_MATERIALS PROVIDED:_
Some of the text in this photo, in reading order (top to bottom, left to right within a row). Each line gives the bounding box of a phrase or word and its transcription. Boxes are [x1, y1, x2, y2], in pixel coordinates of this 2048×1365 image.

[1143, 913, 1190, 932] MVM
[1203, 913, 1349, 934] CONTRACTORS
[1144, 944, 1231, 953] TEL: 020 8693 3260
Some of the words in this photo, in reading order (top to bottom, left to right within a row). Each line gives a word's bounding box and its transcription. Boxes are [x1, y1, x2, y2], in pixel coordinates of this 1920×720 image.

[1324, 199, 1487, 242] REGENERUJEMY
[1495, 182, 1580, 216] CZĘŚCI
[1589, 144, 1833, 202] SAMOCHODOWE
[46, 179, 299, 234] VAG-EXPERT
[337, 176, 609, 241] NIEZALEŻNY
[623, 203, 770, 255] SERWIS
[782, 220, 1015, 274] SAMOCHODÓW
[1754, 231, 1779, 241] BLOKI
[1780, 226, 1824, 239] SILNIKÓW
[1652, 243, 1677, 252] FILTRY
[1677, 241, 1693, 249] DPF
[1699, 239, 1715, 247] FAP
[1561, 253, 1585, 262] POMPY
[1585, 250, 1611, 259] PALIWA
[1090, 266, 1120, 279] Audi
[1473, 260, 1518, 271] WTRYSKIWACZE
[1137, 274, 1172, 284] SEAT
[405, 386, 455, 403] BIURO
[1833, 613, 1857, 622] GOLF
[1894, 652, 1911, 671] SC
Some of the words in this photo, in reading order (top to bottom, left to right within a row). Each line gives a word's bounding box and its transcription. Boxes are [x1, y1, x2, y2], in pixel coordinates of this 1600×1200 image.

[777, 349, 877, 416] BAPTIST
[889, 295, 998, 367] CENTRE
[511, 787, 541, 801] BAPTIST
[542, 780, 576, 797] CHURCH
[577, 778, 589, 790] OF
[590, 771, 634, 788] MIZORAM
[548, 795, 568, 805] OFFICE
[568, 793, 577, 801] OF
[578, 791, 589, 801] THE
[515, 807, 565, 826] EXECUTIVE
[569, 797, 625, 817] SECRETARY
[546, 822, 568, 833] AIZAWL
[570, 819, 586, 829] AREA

_ASSIGNMENT:_ The entries above should be repeated exactly, every one of them.

_RESPONSE:_
Some of the text in this photo, in reading order (top to bottom, left to right within a row). Each line gives the bounding box of a phrase or word and its transcription. Boxes are [x1, y1, x2, y2], in pixel coordinates of this 2048×1365 image.

[1143, 913, 1190, 932] MVM
[1203, 913, 1349, 934] CONTRACTORS
[1144, 944, 1231, 953] TEL: 020 8693 3260
Some of the words in this photo, in reading order (top to bottom, left to right within a row). Each line gives a word's bounding box and its transcription. Boxes are [x1, y1, x2, y2], in pixel coordinates of this 1920×720 image.

[1324, 199, 1487, 242] REGENERUJEMY
[1495, 182, 1580, 216] CZĘŚCI
[1589, 144, 1833, 202] SAMOCHODOWE
[46, 179, 299, 234] VAG-EXPERT
[337, 176, 609, 241] NIEZALEŻNY
[623, 203, 770, 255] SERWIS
[782, 220, 1015, 274] SAMOCHODÓW
[1754, 231, 1779, 241] BLOKI
[1780, 226, 1824, 239] SILNIKÓW
[1652, 243, 1677, 252] FILTRY
[1677, 241, 1693, 249] DPF
[1699, 239, 1715, 247] FAP
[1561, 253, 1585, 262] POMPY
[1585, 250, 1611, 259] PALIWA
[1090, 266, 1120, 279] Audi
[1473, 260, 1518, 271] WTRYSKIWACZE
[1137, 274, 1172, 284] SEAT
[405, 386, 455, 403] BIURO
[1833, 613, 1857, 622] GOLF
[1894, 652, 1911, 671] SC
Some of the words in this photo, in reading order (top to bottom, left to right within a row). Each line gives a word's bounding box and its transcription. Boxes are [x1, y1, x2, y2], in pixel coordinates of this 1600×1200 image.

[777, 349, 877, 416] BAPTIST
[889, 295, 998, 367] CENTRE
[511, 787, 541, 801] BAPTIST
[542, 780, 576, 797] CHURCH
[577, 778, 589, 790] OF
[590, 771, 634, 788] MIZORAM
[548, 795, 568, 805] OFFICE
[568, 793, 577, 801] OF
[578, 791, 589, 801] THE
[515, 807, 565, 826] EXECUTIVE
[569, 797, 625, 817] SECRETARY
[546, 822, 568, 833] AIZAWL
[570, 819, 586, 829] AREA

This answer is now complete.